**** Stored data ****

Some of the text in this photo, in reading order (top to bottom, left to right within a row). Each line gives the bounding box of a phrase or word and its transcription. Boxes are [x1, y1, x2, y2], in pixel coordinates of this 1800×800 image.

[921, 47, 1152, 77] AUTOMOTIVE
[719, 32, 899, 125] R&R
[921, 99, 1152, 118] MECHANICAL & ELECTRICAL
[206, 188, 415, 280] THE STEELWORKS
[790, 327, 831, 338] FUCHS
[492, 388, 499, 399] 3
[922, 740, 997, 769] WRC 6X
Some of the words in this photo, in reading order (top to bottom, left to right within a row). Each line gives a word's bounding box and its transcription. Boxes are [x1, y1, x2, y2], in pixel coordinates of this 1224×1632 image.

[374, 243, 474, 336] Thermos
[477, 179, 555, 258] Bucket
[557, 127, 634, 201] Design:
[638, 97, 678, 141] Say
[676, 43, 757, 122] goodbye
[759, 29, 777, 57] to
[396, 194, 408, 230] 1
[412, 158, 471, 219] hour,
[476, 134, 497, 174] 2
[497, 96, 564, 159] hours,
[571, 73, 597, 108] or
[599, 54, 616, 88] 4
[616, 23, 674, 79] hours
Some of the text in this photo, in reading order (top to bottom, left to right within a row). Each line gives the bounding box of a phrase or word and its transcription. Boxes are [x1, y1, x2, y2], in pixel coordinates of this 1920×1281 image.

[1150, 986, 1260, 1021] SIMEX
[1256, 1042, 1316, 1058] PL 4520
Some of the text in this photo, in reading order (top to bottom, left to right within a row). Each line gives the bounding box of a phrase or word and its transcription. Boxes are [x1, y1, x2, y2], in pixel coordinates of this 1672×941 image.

****

→ The problem:
Copy each record above so that no word or mark differs.

→ Answer space:
Some of the text in this photo, in reading order (top to bottom, left to right within a row). Each line gives the bounding box of a phrase or word and its transcription. Boxes are [x1, y1, x2, y2], in pixel coordinates of this 1800×800 image.

[921, 47, 1152, 77] AUTOMOTIVE
[719, 32, 899, 125] R&R
[921, 99, 1152, 118] MECHANICAL & ELECTRICAL
[206, 188, 415, 280] THE STEELWORKS
[790, 327, 831, 338] FUCHS
[492, 388, 499, 399] 3
[922, 740, 997, 769] WRC 6X
Some of the words in this photo, in reading order (top to bottom, left to right within a row). Each line gives a word's bounding box and its transcription. Boxes are [x1, y1, x2, y2], in pixel coordinates of this 1224×1632 image.

[374, 243, 474, 336] Thermos
[477, 179, 555, 258] Bucket
[557, 127, 634, 201] Design:
[638, 97, 678, 141] Say
[676, 43, 757, 122] goodbye
[759, 29, 777, 57] to
[396, 194, 408, 230] 1
[412, 158, 471, 219] hour,
[476, 134, 497, 174] 2
[497, 96, 564, 159] hours,
[571, 73, 597, 108] or
[599, 54, 616, 88] 4
[616, 23, 674, 79] hours
Some of the text in this photo, in reading order (top to bottom, left to right within a row). Each line gives the bounding box of a phrase or word and its transcription. Boxes are [x1, y1, x2, y2], in pixel coordinates of this 1920×1281 image.

[1150, 986, 1260, 1021] SIMEX
[1256, 1042, 1316, 1058] PL 4520
Some of the text in this photo, in reading order (top to bottom, left to right within a row). Each line gives the bounding box of a phrase or word and its transcription. Boxes are [x1, y1, x2, y2], in pixel coordinates of this 1672×941 image.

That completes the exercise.